*TASK BRIEF*. The expected output is each entry, given again exactly.

[Phrase grounding data]
*** Begin section ***

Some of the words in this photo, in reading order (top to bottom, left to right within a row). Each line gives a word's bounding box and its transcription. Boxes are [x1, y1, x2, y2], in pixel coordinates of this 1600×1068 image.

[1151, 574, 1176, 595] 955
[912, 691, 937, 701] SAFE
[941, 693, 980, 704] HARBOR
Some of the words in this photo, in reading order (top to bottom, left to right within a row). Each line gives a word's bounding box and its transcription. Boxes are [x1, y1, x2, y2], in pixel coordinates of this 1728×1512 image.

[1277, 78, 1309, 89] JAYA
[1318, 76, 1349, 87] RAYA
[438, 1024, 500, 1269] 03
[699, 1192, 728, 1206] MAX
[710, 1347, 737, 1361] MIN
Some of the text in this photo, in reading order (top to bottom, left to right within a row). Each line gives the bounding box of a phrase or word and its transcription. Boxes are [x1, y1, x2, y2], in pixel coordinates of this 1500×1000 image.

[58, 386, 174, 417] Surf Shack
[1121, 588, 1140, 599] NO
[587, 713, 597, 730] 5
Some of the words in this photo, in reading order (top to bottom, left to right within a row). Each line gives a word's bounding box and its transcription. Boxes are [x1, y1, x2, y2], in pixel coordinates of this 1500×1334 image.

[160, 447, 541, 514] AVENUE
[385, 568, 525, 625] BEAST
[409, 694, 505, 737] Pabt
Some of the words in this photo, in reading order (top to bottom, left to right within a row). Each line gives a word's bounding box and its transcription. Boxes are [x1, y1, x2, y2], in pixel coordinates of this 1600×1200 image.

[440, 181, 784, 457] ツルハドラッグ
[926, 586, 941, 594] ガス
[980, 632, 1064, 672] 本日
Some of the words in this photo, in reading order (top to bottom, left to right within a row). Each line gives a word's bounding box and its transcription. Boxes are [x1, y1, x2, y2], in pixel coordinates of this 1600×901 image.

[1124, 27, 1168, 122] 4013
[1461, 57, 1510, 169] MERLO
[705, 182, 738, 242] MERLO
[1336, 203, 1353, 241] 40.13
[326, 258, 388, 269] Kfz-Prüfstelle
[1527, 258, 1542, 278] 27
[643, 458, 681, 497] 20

*** End section ***

*ANSWER BOX*.
Some of the words in this photo, in reading order (top to bottom, left to right within a row). Each line gives a word's bounding box and its transcription. Boxes are [x1, y1, x2, y2], in pixel coordinates of this 1600×1068 image.

[1151, 574, 1176, 595] 955
[912, 691, 937, 701] SAFE
[941, 693, 980, 704] HARBOR
Some of the words in this photo, in reading order (top to bottom, left to right within a row). Each line gives a word's bounding box and its transcription. Boxes are [x1, y1, x2, y2], in pixel coordinates of this 1728×1512 image.

[1277, 78, 1309, 89] JAYA
[1318, 76, 1349, 87] RAYA
[438, 1024, 500, 1269] 03
[699, 1192, 728, 1206] MAX
[710, 1347, 737, 1361] MIN
Some of the text in this photo, in reading order (top to bottom, left to right within a row). Each line gives the bounding box of a phrase or word and its transcription. Boxes are [x1, y1, x2, y2], in pixel coordinates of this 1500×1000 image.

[58, 386, 174, 417] Surf Shack
[1121, 588, 1140, 599] NO
[587, 713, 597, 730] 5
Some of the words in this photo, in reading order (top to bottom, left to right within a row). Each line gives a word's bounding box and its transcription. Boxes are [x1, y1, x2, y2], in pixel coordinates of this 1500×1334 image.

[160, 447, 541, 514] AVENUE
[385, 568, 525, 625] BEAST
[409, 694, 505, 737] Pabt
Some of the words in this photo, in reading order (top to bottom, left to right within a row). Each line gives a word's bounding box and its transcription. Boxes are [x1, y1, x2, y2], in pixel coordinates of this 1600×1200 image.

[440, 181, 784, 457] ツルハドラッグ
[926, 586, 941, 594] ガス
[980, 632, 1064, 672] 本日
Some of the words in this photo, in reading order (top to bottom, left to right within a row). Each line gives a word's bounding box and its transcription. Boxes are [x1, y1, x2, y2], in pixel coordinates of this 1600×901 image.

[1124, 27, 1168, 122] 4013
[1461, 57, 1510, 169] MERLO
[705, 182, 738, 242] MERLO
[1336, 203, 1353, 241] 40.13
[326, 258, 388, 269] Kfz-Prüfstelle
[1527, 258, 1542, 278] 27
[643, 458, 681, 497] 20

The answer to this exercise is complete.